# NoScript / RequestPolicy friendly news websites?  What do you use?



## johnblue (Oct 3, 2013)

I use the NoScript and RequestPolicy plugins and this news website is somewhat easy to use with full blocking on:  http://bigstory.ap.org

Recently I found:  http://www.dw.de

I like to use reddit.com/r/worldnews but I am curious as to what rotisserie of websites you read to stay informed but without needing to slog through any so-called "social" non-news.


----------



## tzoi516 (Oct 3, 2013)

I listen to local news on the radio during my commute because it doesn't have that "morning zoo" format that wastes my time instead of informing me about current events.

I also have the HTC One, so I use a Twitter feed that aggregates Twitter news feeds and read via Blink Feed.


----------



## phoenix (Oct 3, 2013)

RSS is your friend.  You get the news, without the comments, accessible even on your phone.


----------



## chatwizrd (Oct 3, 2013)

This plugin is really good for following RSS feeds if you use the chrome browser.


----------



## teckk (Oct 3, 2013)

Here are a few news with different slants links, which is what is being called news today. Most are small mobile pages.

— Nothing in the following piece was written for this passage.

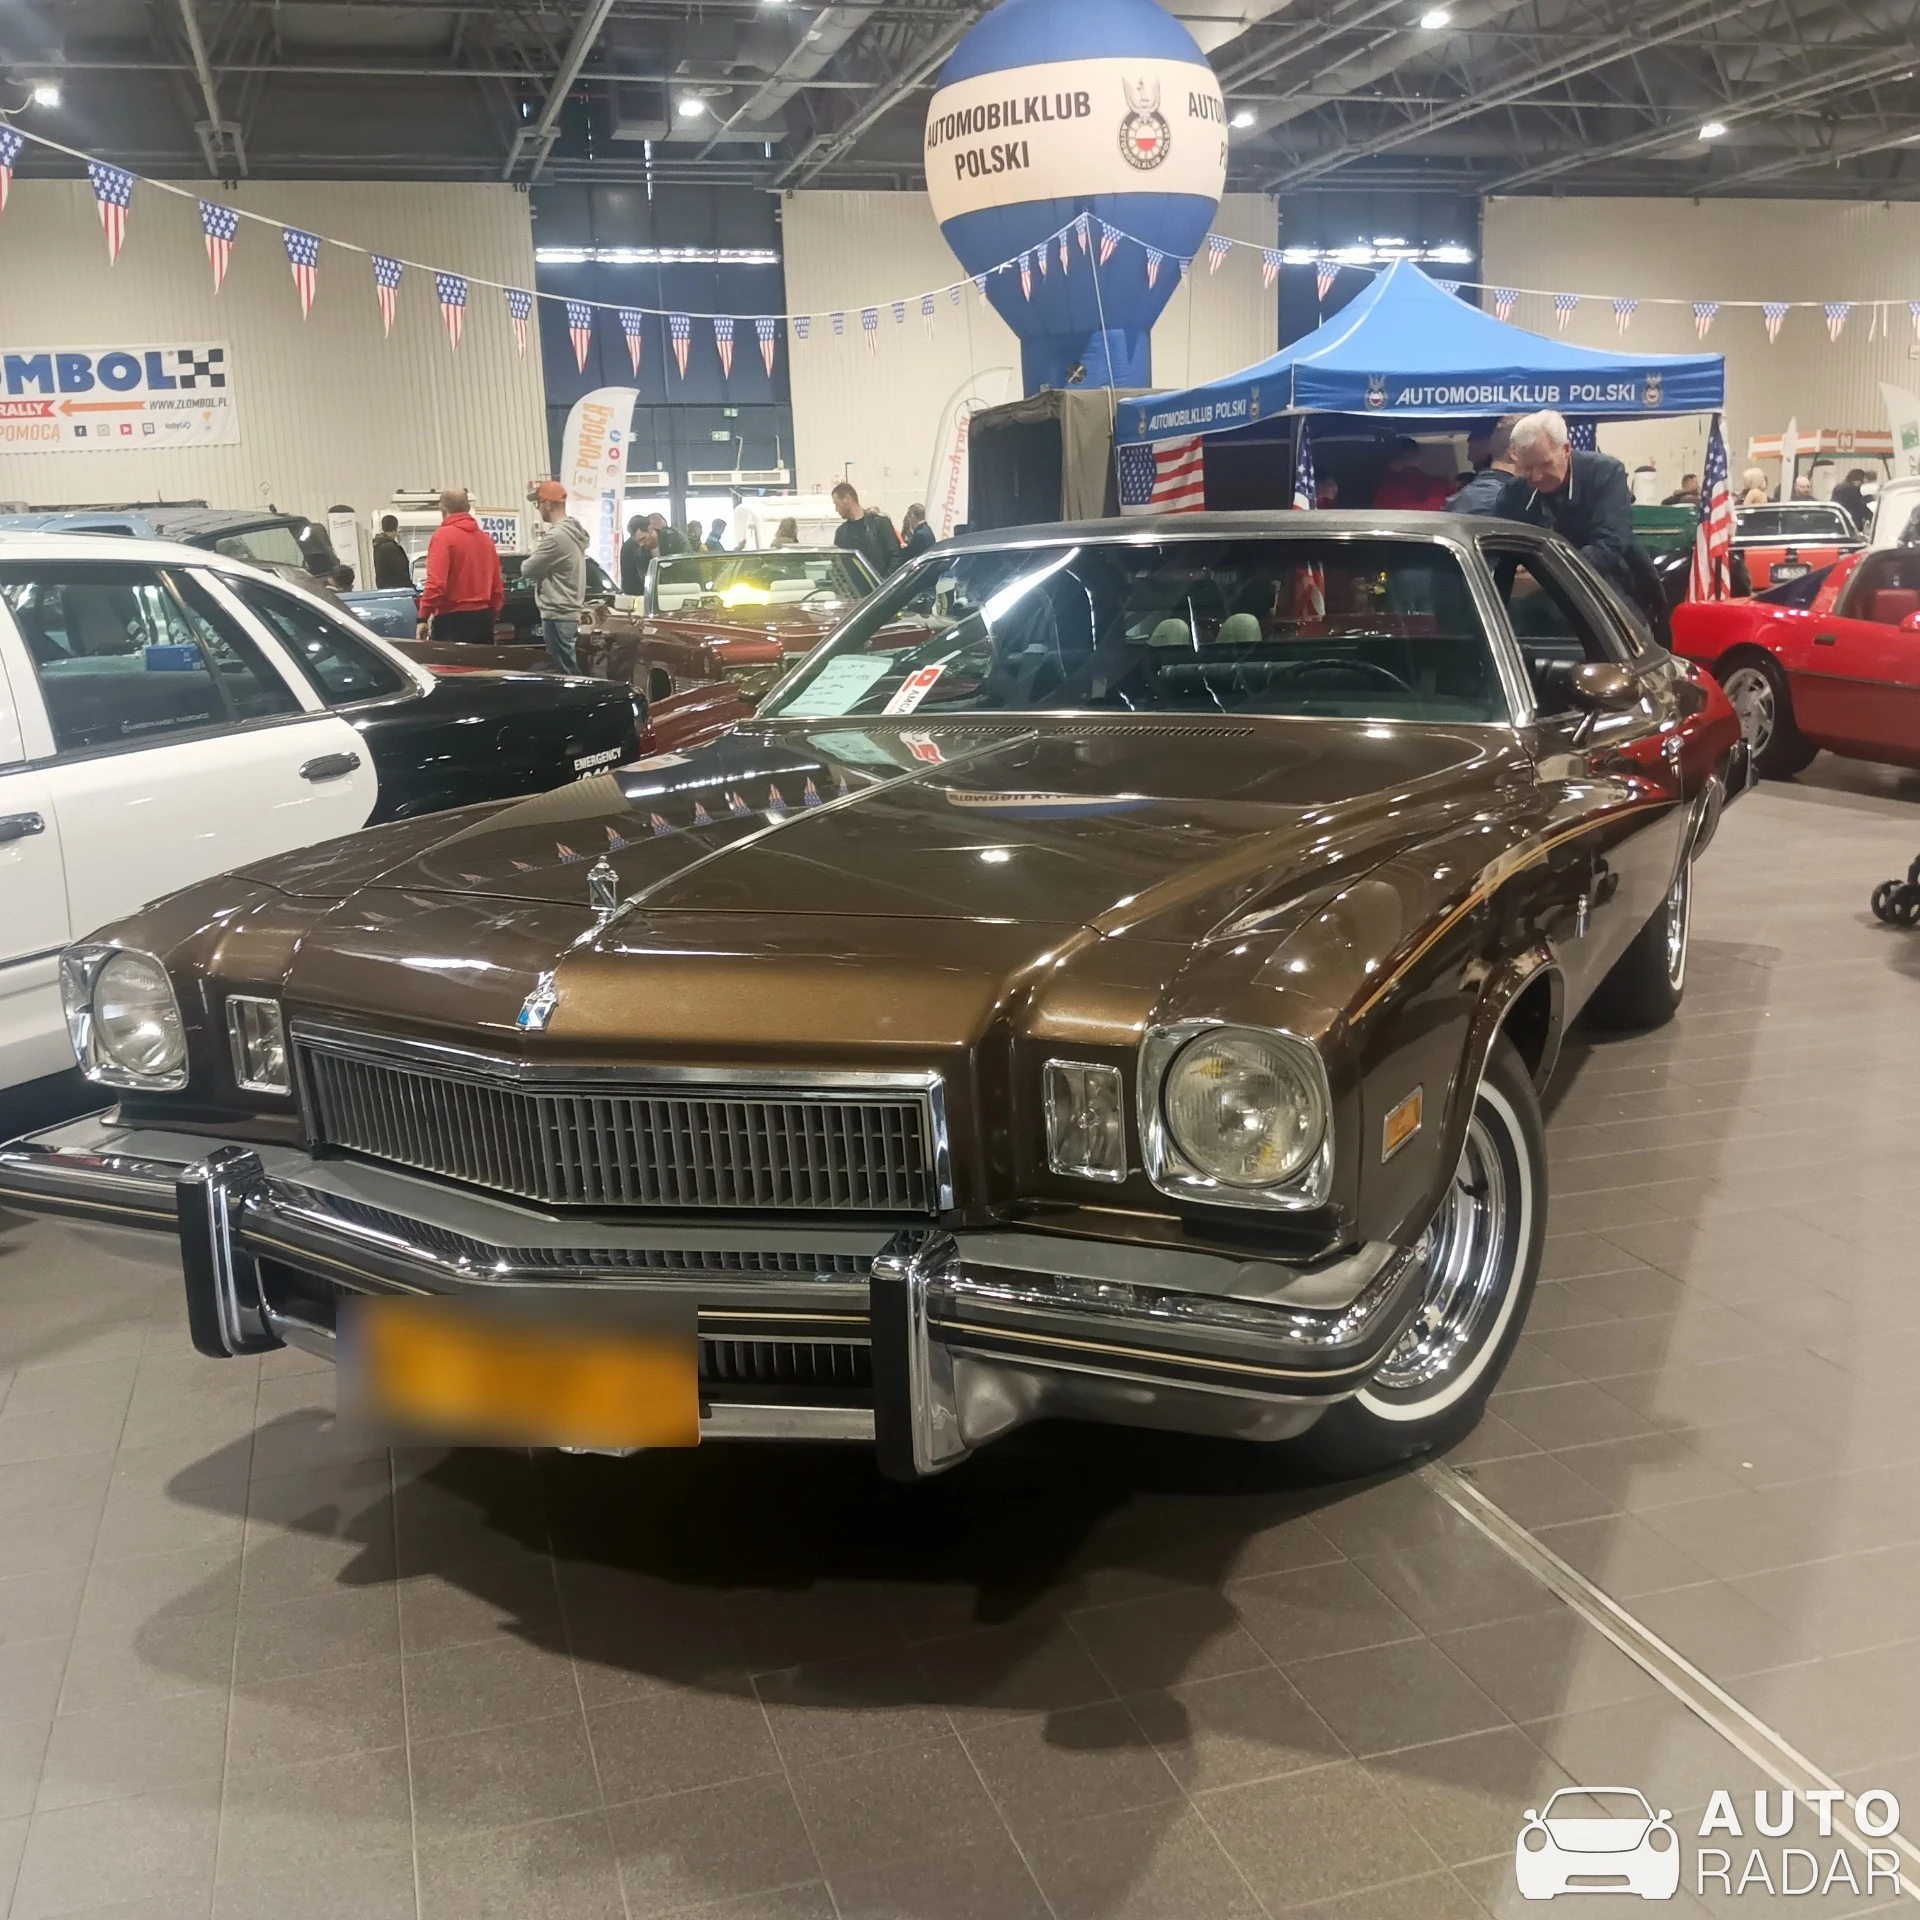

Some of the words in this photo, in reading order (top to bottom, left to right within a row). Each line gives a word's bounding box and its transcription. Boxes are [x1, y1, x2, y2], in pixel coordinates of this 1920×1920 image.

All of them work with js, plugins, and images off.
http://m.washingtontimes.com/
http://www.idrudgereport.com/
http://mobile.reuters.com/
http://www.theguardian.com/top-stories?view=mobile
http://www.suntimes.com/mobile/index.html
http://m.nydailynews.com/
http://m.bbc.co.uk/news
http://m.spiegel.de/international/
http://iphone.france24.com/en/
http://m.dw.de/english/
http://www.news.com.au/
http://mobile.jpost.com/
http://english.pravda.ru/
http://m.cbsnews.com/index.rbml
http://www.nbcnews.com/
http://www.foxnews.mobi/
http://t.news.msn.com/
http://mobile.politico.com/iphone/
http://www.breitbart.com/big-journalism
http://m.weeklystandard.com/homepage
http://mobile.jpost.com/
http://www.cnn.com/
http://www.time.com/time/
http://mobile.usnews.com/
http://m.cnsnews.com/sections
http://www.onenewsnow.com/
http://hisz.rsoe.hu/alertmap/index2.php


As for video news,

A simple TV tuner script to watch TV networks online with mplayer. I've already included some examples. Remove what you want, put your own in. All of the links work at time of posting, in the US. If you don't want to use X then you'll need to use mplayer with framebuffer.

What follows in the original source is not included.